The Rajasthan School, completed around 2020 by the Mumbai practice Sanjay Puri Architects for the children of the cement plant's workers, is an argument that the right building can be made almost entirely out of the problem itself. Instead of resisting the sun, the school is planned by the sun. Its walls tilt to deflect it, its classrooms turn their backs to it, and its courtyards are shaped to trade a slice of open sky for a moving carpet of shade. This is why the building earns a place in a canon about where architecture is going: it is a fully worked demonstration that in hot, energy-scarce India, the most advanced move available to an architect may be an ancient one — orientation, mass and shadow, deployed with contemporary precision.

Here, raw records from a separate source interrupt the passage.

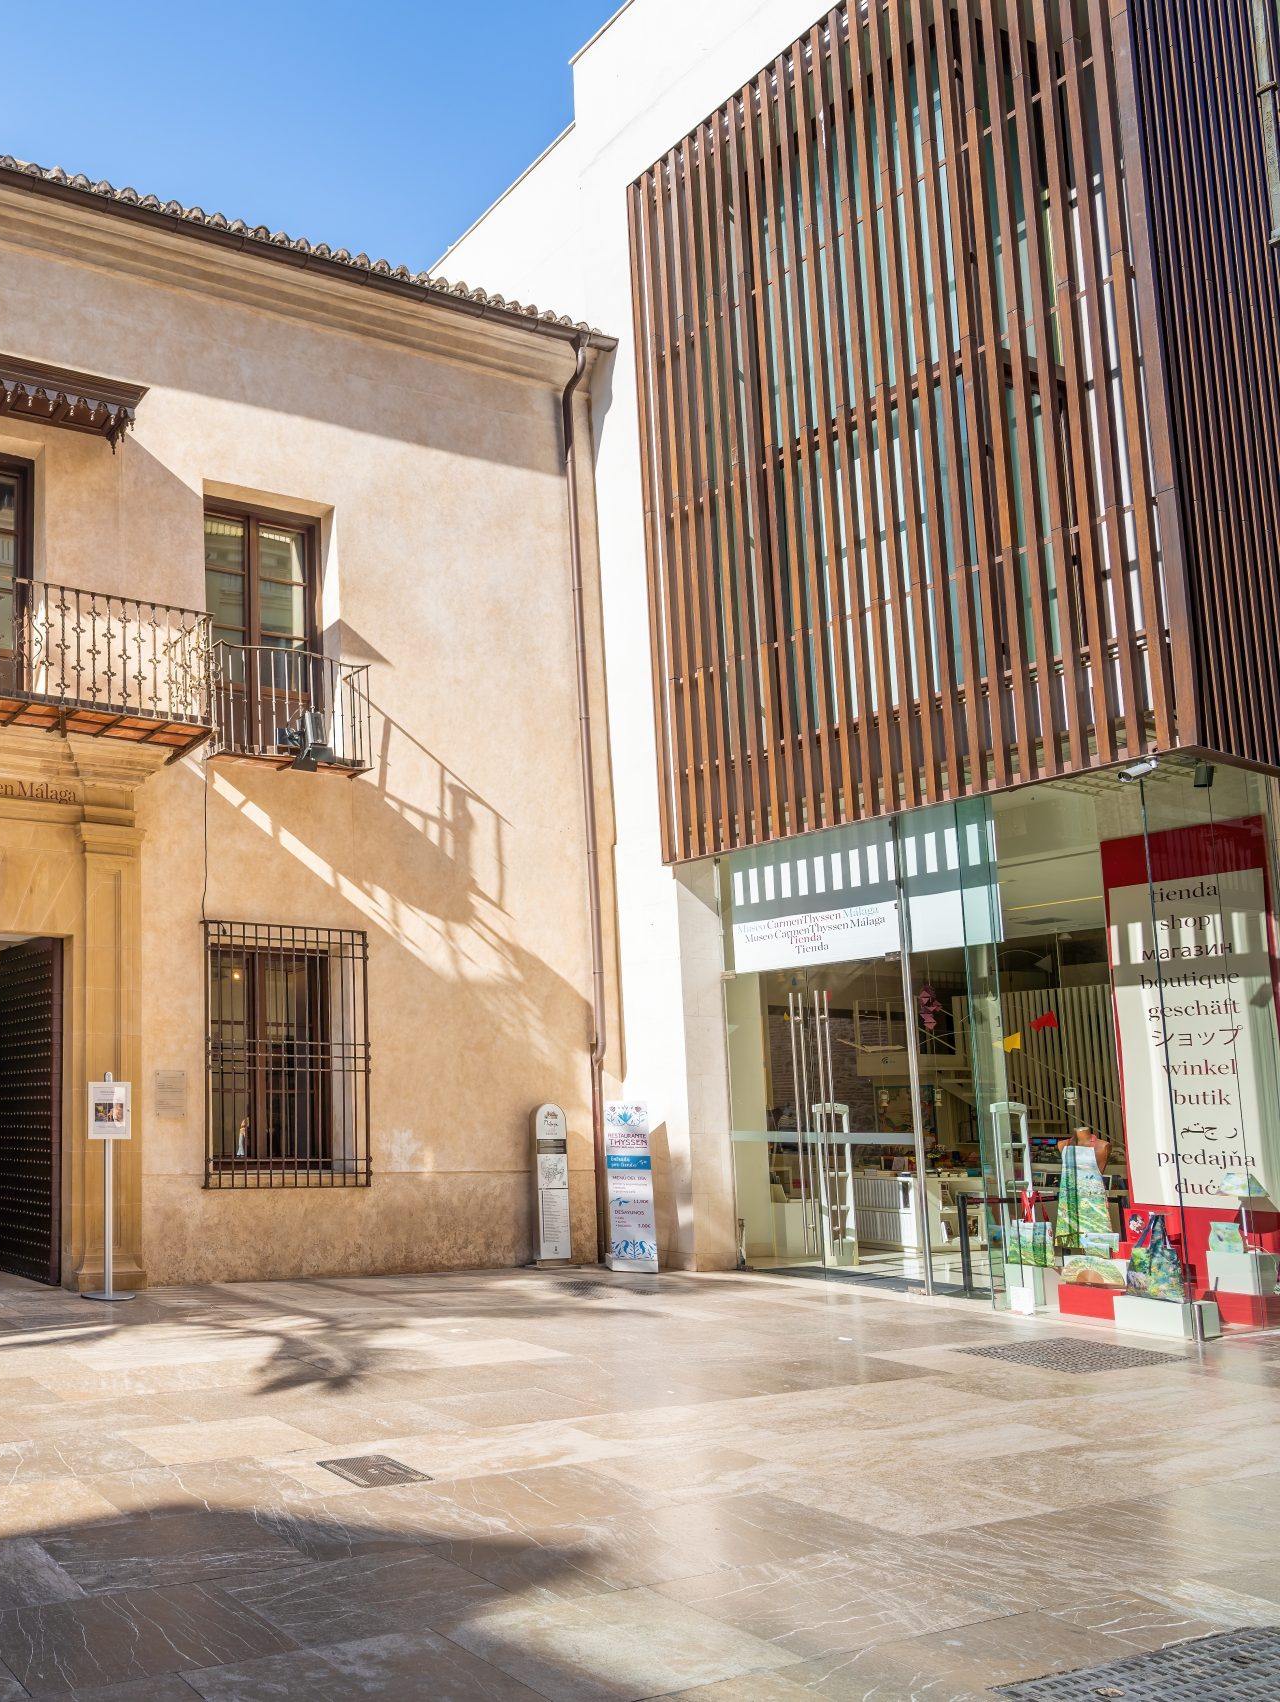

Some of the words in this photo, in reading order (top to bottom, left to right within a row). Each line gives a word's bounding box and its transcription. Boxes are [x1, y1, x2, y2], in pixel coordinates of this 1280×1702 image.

[17, 780, 78, 804] Málaga
[1148, 881, 1219, 903] tienda
[737, 924, 767, 934] Museo
[842, 905, 880, 919] Málaga
[1160, 914, 1211, 931] shop
[744, 933, 774, 944] Museo
[849, 916, 886, 929] Málaga
[787, 932, 822, 945] Tienda
[794, 942, 829, 955] Tienda
[1142, 942, 1233, 961] магазин
[1140, 971, 1240, 989] boutique
[1148, 998, 1241, 1022] geschäft
[1151, 1024, 1244, 1047] ショップ
[1162, 1058, 1237, 1076] winkel
[1172, 1089, 1232, 1105] butik
[1157, 1148, 1256, 1170] predajňa
[1174, 1178, 1220, 1195] duć

The school takes the organic character of Indian villages and old cities — open, enclosed and semi-enclosed spaces of varying volumes — and reassembles it as a single institution shaped to its desert site.
The question it poses
Marc Kushner's framing for The Future of Architecture in 100 Buildings asks of any project: what does it tell us about what is coming next? Most of the buildings that answer loudly do so with spectacle — a fluid skin, a cantilever, a new material. The Rajasthan School answers quietly, and its answer is arguably more urgent for the majority of the planet that lives where cooling, not heating, is the design emergency.

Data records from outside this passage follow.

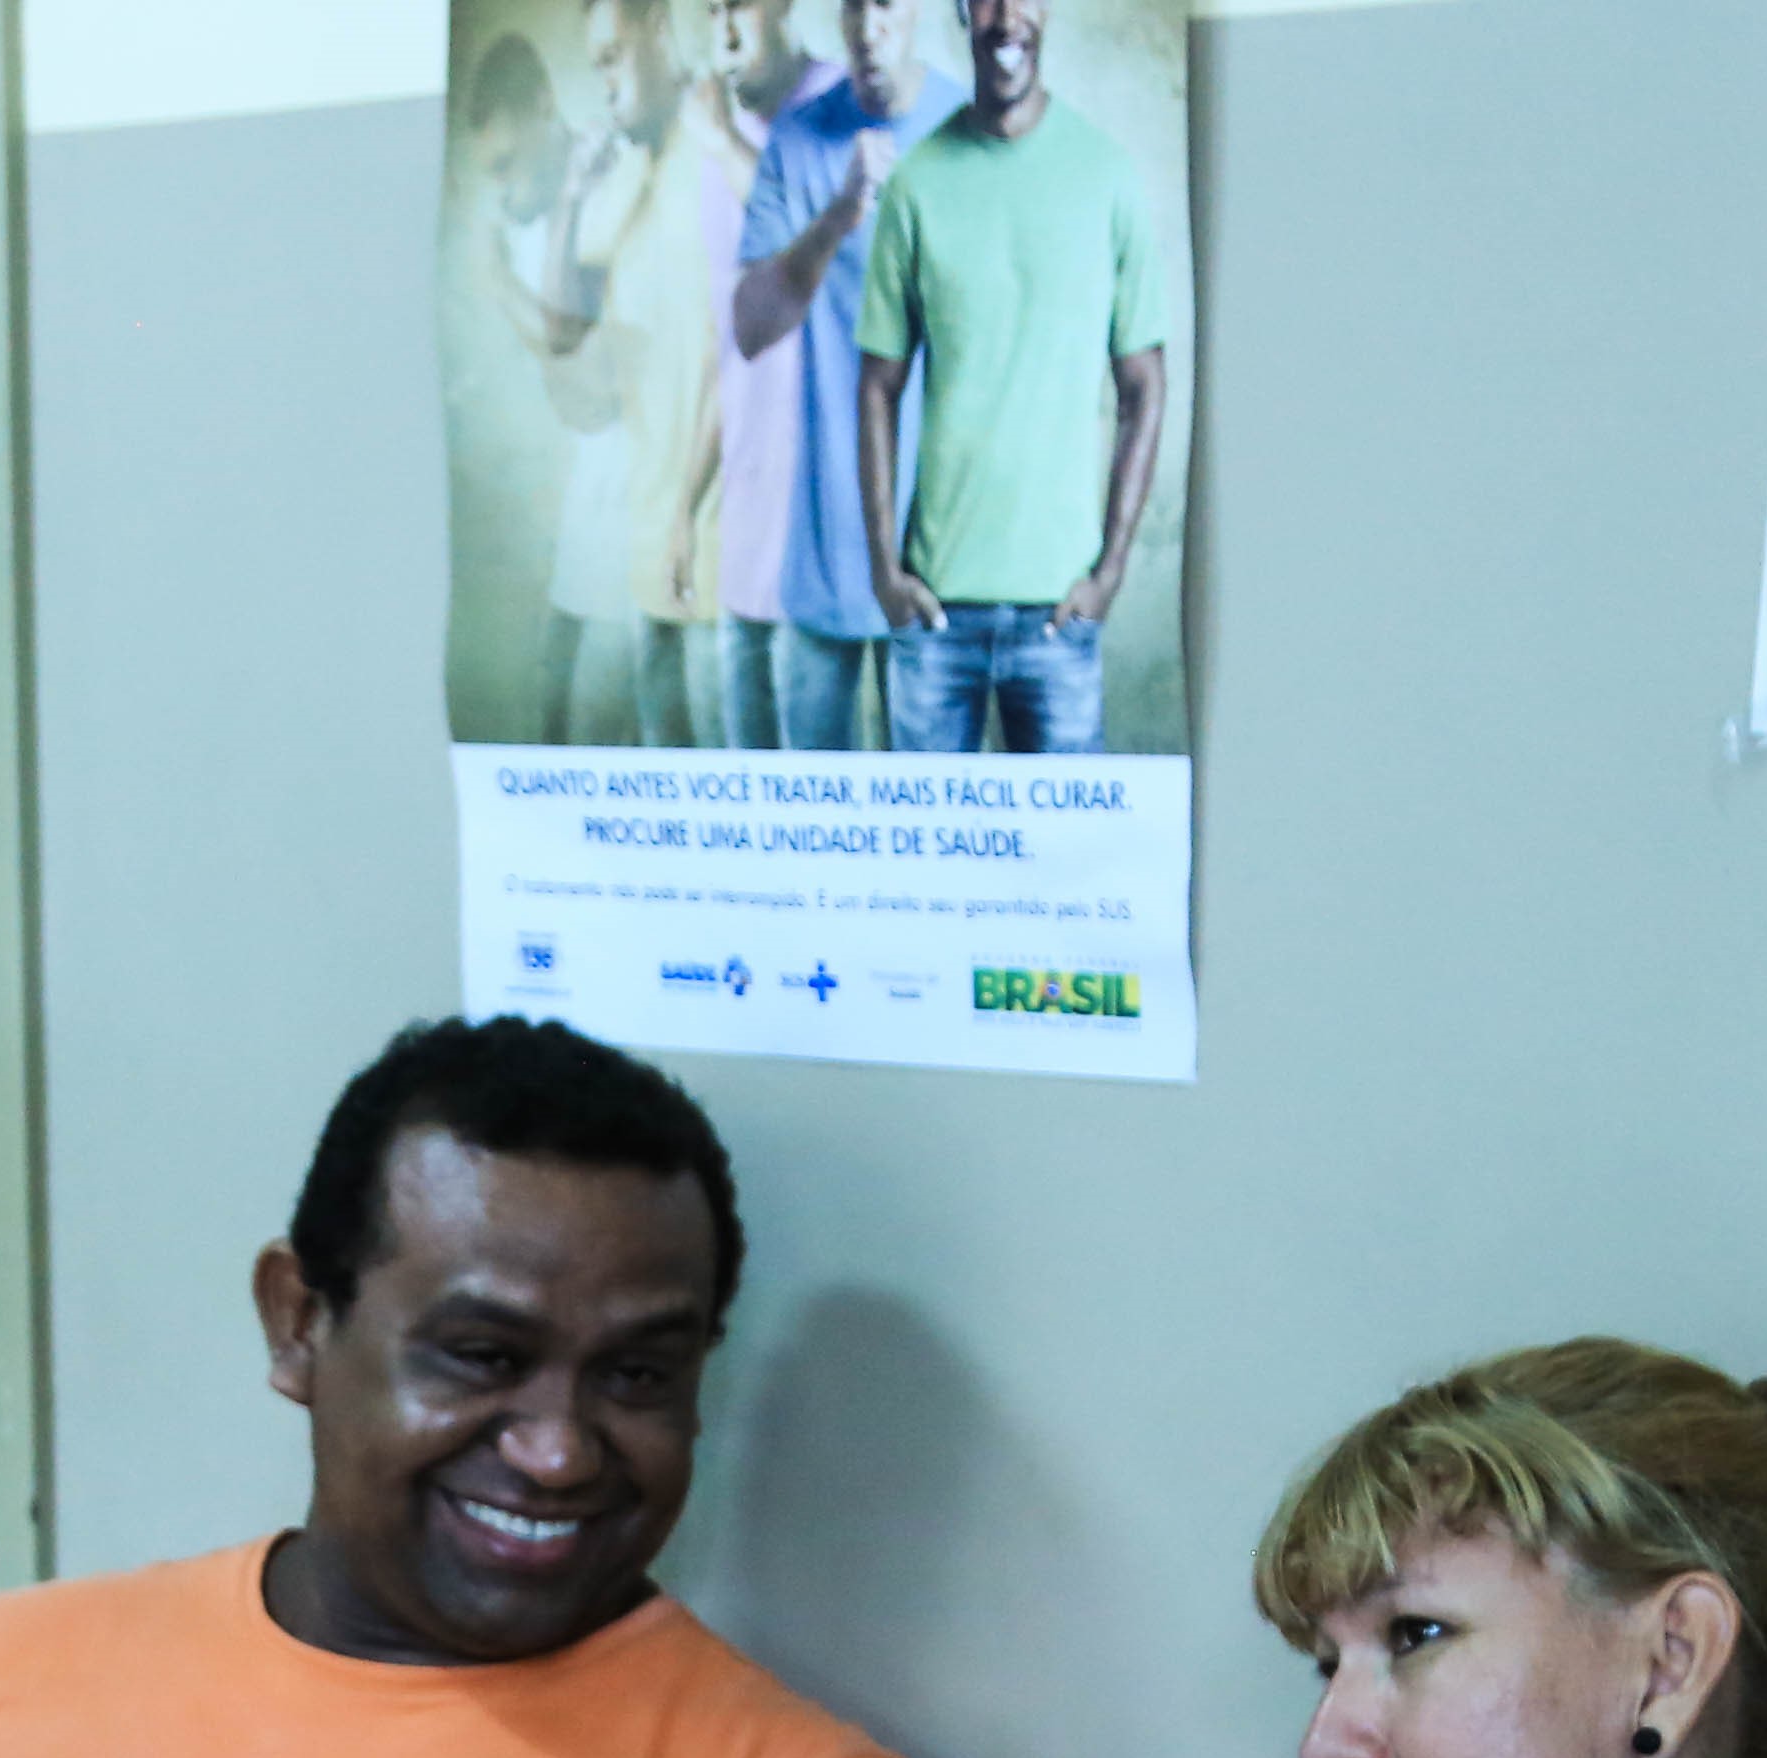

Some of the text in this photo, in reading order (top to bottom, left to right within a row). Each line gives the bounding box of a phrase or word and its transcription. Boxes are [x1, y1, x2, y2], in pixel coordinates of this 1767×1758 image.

[498, 767, 599, 797] QUANTO
[605, 771, 680, 799] ANTES
[686, 765, 752, 801] VOCÊ
[870, 776, 936, 805] MAIS
[944, 768, 1018, 808] FÁCIL
[1030, 778, 1132, 810] CURAR.
[583, 815, 690, 847] PROCURE
[698, 819, 753, 849] UMA
[759, 822, 881, 854] UNIDADE
[891, 826, 925, 855] DE
[973, 966, 1141, 1018] BRASIL

The provocation is this: for a vast band of hot, fast-urbanising, energy-constrained geography — much of India, and much of the Global South — the future of architecture may not look futuristic at all. It may look like a village that has been re-engineered. Puri's central move is to refuse the sealed, mechanically-cooled box and instead let the building's own geometry do the work of the air-conditioner. If that logic holds, then the discipline's next frontier is less about form-making for its own sake and more about a disciplined return to passive, climate-first planning, executed with the rigour that computation and modern construction now allow.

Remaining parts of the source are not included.